As a scientist, Dr. Larry Corey has led some of the most significant advances in medicine in the last 30 years, including the development of safe and effective antivirals for herpes viruses, HIV and hepatitis infections. As president and director of Fred Hutch, he helped drive lifesaving discoveries across an even broader spectrum of diseases.
An international expert in virology, immunology and vaccine development, Corey made a major discovery in the early 1980s when he demonstrated the effectiveness of the world’s first antiviral therapy (acyclovir) for the treatment of herpes simplex virus-2 (genital herpes). Working with Dr. Gertrude Elion -- the inventor of acyclovir -- at Burroughs-Wellcome & Company (now GlaxoSmithKline), Corey was the first to give patients oral antivirals for an extended time safely and effectively. At the time, many scientists believed such specific and safe antiviral drugs were not achievable.

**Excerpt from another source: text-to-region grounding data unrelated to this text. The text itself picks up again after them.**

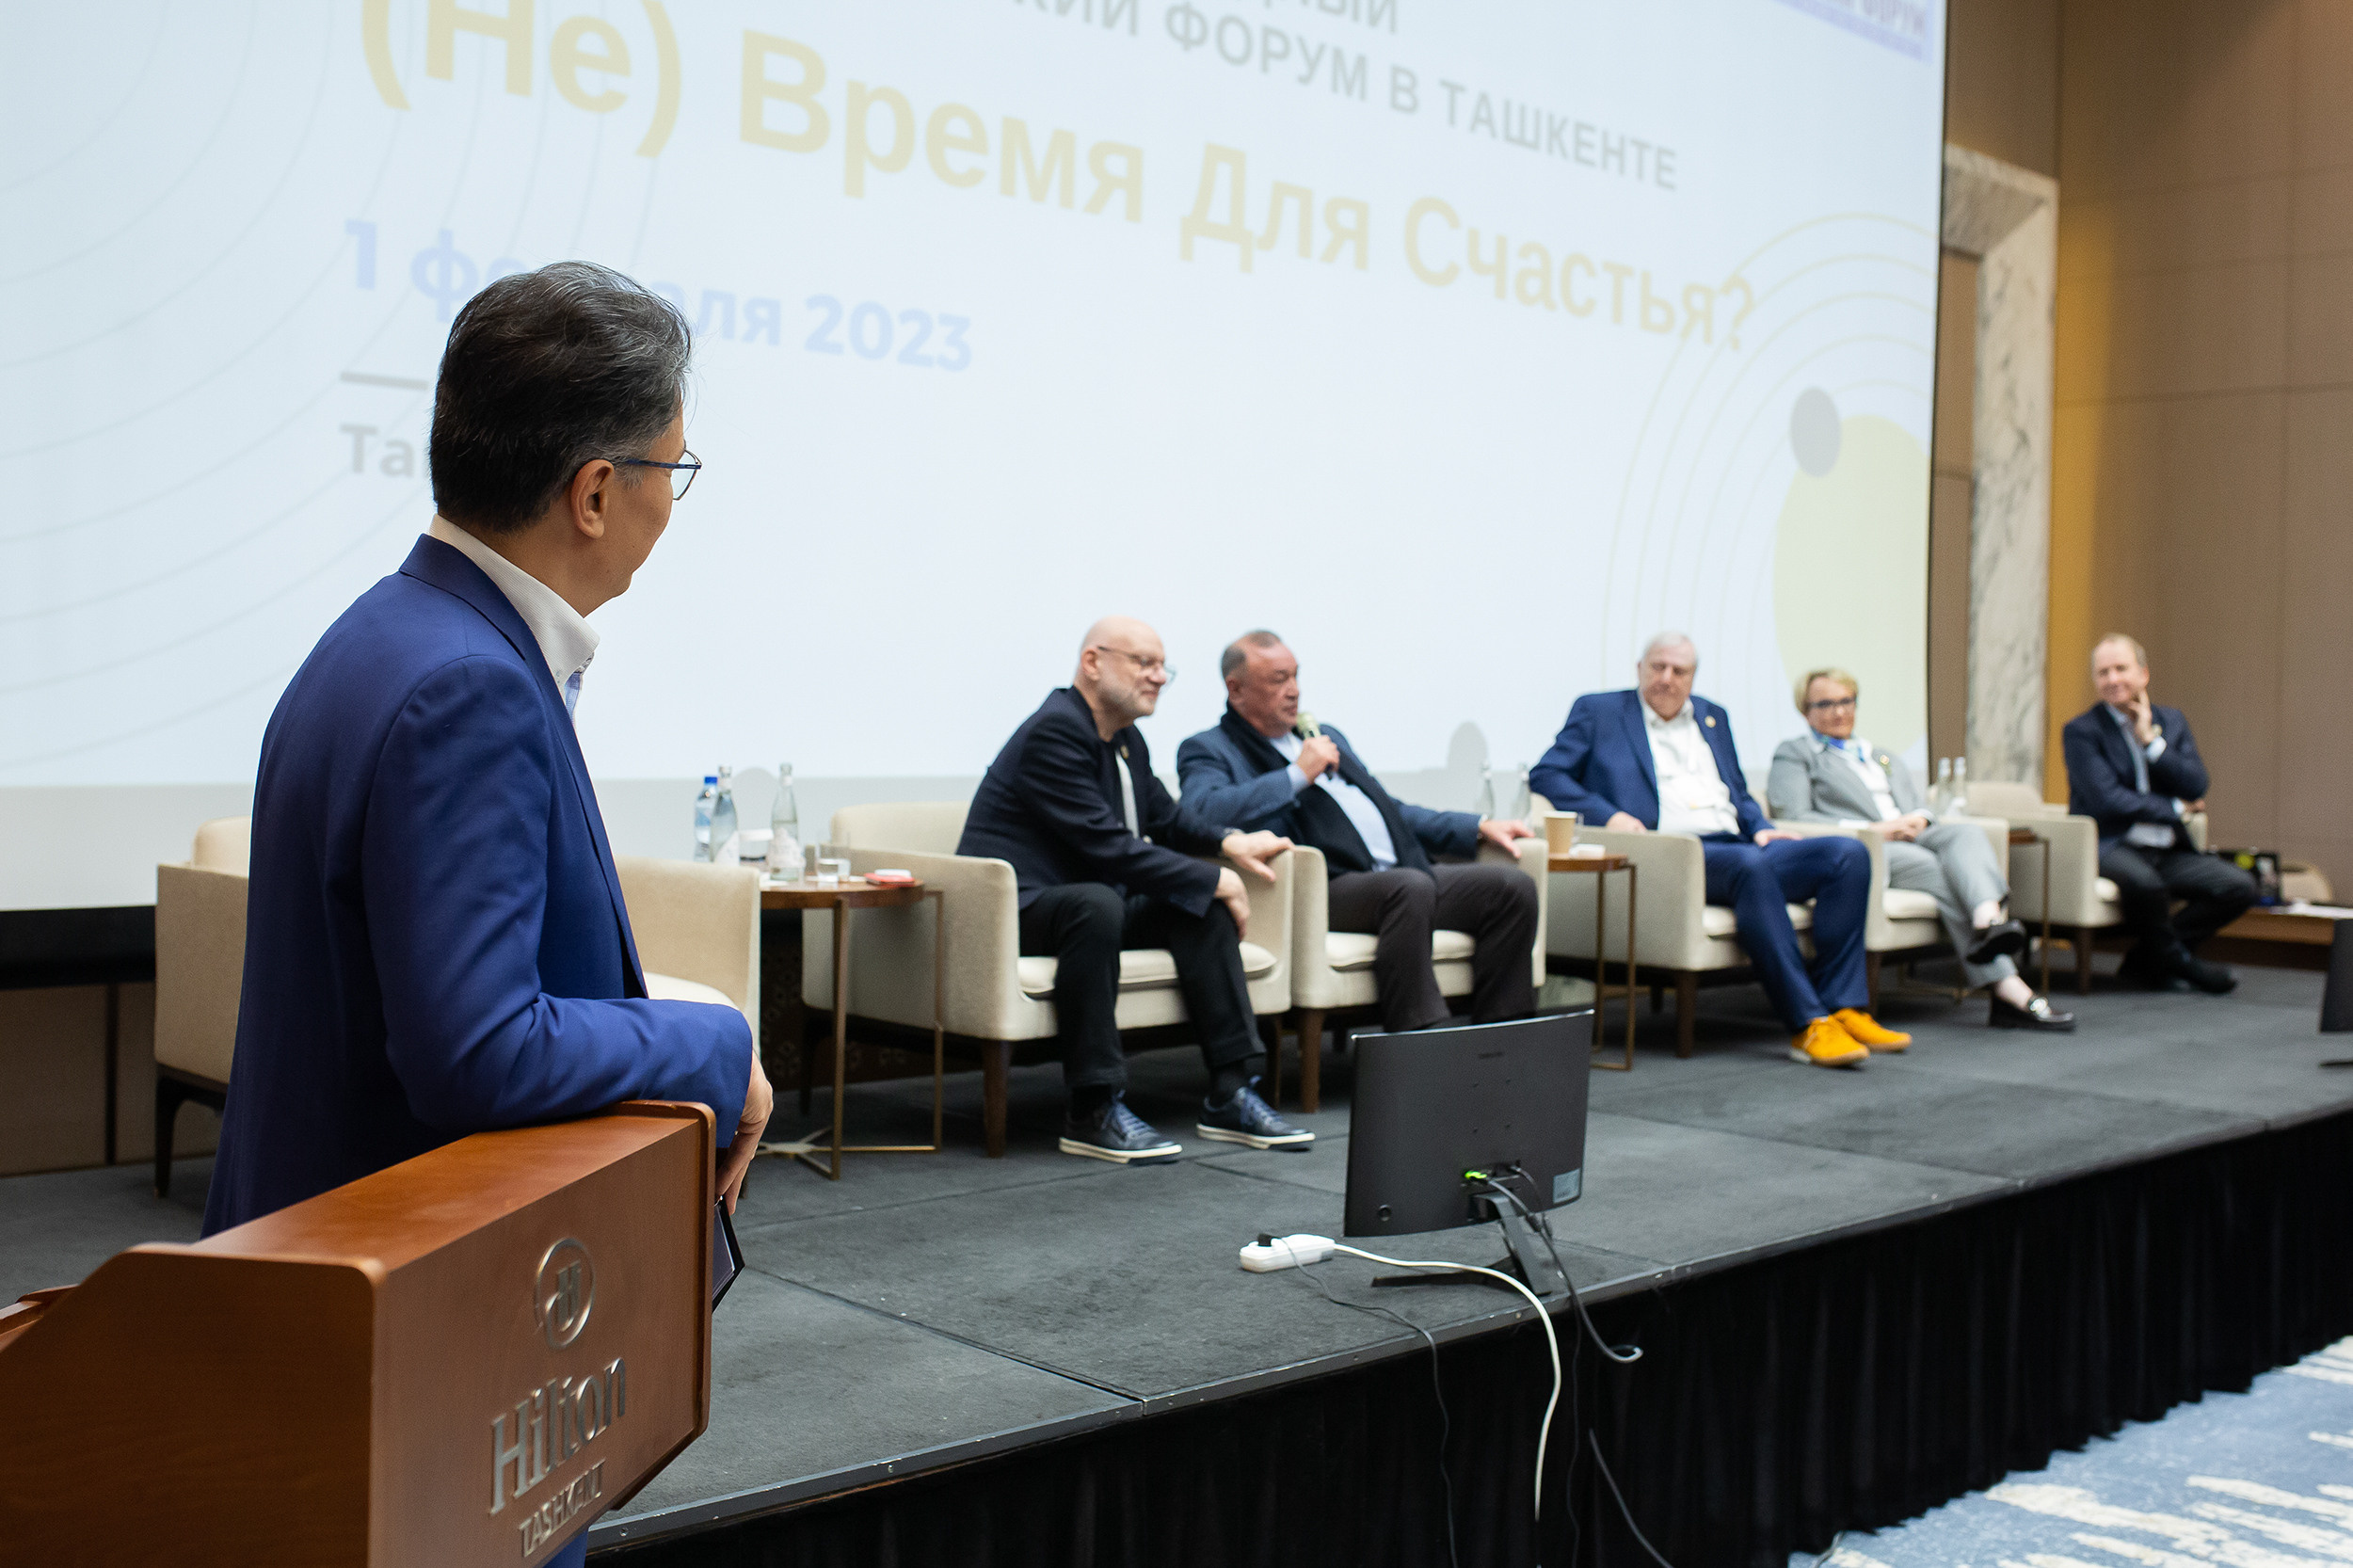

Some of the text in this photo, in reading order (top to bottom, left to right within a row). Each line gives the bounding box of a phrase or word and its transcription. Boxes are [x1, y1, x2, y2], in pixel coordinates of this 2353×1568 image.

[1163, 0, 1369, 102] ФОРУМ
[1389, 63, 1420, 115] В
[1438, 78, 1678, 192] ТАШКЕНТЕ
[360, 0, 1755, 353] (Не) Время Для Счастья?
[344, 218, 377, 291] 1
[804, 294, 972, 373] 2023
[489, 1356, 626, 1516] Hilton
[519, 1458, 606, 1558] TASHKENT

“It was a very heretical concept at the time,” Corey said. “But the road that we created in herpes is the road that was followed for HIV, cytomegalovirus, hepatitis B and now hepatitis C. There is nothing that has impacted the lives of more people than antivirals, especially those for HIV.” That first use of antivirals sparked a wave of research that continues to deliver promising results today.

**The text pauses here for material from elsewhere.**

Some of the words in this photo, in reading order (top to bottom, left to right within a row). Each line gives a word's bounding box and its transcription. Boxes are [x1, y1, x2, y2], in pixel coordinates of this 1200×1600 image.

“We have changed infections in the transplant patient. It’s a quiet breakthrough that we have led,” Corey said.
Corey stepped down as Fred Hutch’s president and director on July 1, 2014, to return to science and pursue his passion of finding vaccines and, hopefully, cures for HIV/AIDS, herpes and other infections. While at the helm, he worked tirelessly to ensure Fred Hutch’s breakthroughs were celebrated, not kept quiet. He encouraged staff and faculty to become more vocal advocates of Fred Hutch’s research achievements and impact on eliminating cancer and other diseases.
Corey also led an effort to identify and prioritize Fred Hutch’s strategic research goals. These priorities include developing new immunotherapies to treat cancers, discovering an HIV/AIDS vaccine and improving cancer prevention, early detection and treatment services in order to reduce the economic and human burden of cancer. These goals promise to keep Fred Hutch at the forefront of research breakthroughs for years to come.
The opportunity to make numerous research advances, and to have led them as the head of one of the world’s leading research centers, is something he is grateful for.
“I wouldn’t trade what I have done in a heartbeat. I am a lucky man.”